I cannot help you with the film, but I have used the Nikonos II with the flash bulb unit for years. It’s is a very easy unit to use, but you need to understand the photography with flash bulbs is slightly different than with electornic flash. I still have my Nikonos II with the flash unit, and demonstrated it at a meeting of the Chinese Scientists, Engineers and Professionals Association here in Portland, Oregon. At the end, I had the camera on a table, with a bulb in the flash unit.

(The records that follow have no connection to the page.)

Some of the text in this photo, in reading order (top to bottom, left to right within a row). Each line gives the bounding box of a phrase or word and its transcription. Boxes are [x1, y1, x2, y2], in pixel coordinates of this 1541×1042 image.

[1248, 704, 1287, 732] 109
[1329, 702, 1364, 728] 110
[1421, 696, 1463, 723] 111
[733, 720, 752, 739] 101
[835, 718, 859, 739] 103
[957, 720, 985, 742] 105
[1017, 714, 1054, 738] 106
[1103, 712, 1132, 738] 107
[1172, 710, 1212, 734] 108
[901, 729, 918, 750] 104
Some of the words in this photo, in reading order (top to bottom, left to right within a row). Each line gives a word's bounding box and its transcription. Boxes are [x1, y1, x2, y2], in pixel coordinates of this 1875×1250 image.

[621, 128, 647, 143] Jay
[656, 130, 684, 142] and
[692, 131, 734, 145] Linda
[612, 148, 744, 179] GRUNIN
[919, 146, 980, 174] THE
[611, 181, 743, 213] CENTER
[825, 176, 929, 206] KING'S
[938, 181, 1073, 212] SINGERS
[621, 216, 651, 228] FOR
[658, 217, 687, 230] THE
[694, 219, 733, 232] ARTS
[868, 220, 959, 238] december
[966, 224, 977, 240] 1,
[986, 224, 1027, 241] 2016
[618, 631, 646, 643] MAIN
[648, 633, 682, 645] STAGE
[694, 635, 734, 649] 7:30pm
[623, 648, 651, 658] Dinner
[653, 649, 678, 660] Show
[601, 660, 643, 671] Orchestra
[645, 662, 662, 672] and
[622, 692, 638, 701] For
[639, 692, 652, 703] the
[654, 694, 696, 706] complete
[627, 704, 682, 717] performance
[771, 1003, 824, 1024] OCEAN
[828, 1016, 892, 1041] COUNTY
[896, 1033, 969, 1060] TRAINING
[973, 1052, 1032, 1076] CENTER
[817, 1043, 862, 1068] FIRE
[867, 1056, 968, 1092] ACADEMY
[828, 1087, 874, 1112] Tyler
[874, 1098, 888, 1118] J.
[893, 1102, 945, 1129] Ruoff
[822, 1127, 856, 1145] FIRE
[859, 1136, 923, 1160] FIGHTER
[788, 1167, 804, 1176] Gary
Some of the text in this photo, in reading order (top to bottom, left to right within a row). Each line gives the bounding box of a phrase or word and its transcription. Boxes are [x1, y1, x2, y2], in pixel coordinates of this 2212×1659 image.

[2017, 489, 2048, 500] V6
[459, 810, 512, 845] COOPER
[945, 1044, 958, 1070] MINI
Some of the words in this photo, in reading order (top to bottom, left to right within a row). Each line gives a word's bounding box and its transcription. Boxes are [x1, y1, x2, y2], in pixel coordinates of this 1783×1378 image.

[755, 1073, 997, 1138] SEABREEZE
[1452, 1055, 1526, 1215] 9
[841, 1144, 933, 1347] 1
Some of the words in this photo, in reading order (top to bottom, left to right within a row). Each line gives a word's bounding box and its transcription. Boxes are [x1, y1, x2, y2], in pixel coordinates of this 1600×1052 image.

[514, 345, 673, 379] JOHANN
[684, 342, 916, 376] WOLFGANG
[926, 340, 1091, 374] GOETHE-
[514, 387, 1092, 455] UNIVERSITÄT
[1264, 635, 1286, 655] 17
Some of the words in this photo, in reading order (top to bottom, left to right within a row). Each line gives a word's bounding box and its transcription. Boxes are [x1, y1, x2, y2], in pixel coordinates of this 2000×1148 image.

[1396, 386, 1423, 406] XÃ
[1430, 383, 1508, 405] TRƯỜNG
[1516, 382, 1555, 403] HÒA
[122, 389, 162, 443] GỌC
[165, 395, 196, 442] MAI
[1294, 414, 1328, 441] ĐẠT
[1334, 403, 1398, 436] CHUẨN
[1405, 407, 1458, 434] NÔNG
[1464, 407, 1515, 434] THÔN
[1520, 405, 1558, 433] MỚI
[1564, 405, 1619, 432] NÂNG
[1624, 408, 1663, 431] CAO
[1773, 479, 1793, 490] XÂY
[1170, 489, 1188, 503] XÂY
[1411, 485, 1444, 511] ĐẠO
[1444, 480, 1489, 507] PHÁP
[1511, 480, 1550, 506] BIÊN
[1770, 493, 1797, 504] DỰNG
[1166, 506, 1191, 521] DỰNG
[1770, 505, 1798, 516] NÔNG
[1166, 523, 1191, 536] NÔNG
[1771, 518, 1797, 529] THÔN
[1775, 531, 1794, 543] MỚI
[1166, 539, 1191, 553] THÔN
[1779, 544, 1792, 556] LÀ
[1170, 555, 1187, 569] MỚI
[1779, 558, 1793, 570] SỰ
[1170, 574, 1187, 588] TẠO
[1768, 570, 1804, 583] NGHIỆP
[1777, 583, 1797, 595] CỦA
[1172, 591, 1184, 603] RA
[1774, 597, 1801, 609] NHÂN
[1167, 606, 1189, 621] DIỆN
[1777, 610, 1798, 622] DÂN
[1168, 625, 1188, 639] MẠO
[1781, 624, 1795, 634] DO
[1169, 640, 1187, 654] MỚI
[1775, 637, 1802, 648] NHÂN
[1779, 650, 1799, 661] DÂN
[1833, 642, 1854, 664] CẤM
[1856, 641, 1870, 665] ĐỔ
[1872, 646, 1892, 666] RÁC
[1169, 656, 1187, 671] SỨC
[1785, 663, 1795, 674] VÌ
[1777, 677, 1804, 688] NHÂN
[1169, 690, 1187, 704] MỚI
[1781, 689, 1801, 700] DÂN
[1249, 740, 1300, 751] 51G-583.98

One of the students there asked about it, and I told her to push the top lever to take a pichure. To my complete surprise, the flash bulb flashed! It had not been used for over 20 years, yet the battery and capacitor still worked. She yelped and jumped back in surprise. One of the other students asked about multiple flashes, and I told him we just put in another flash bulb. He had never seen a single shot flash system before!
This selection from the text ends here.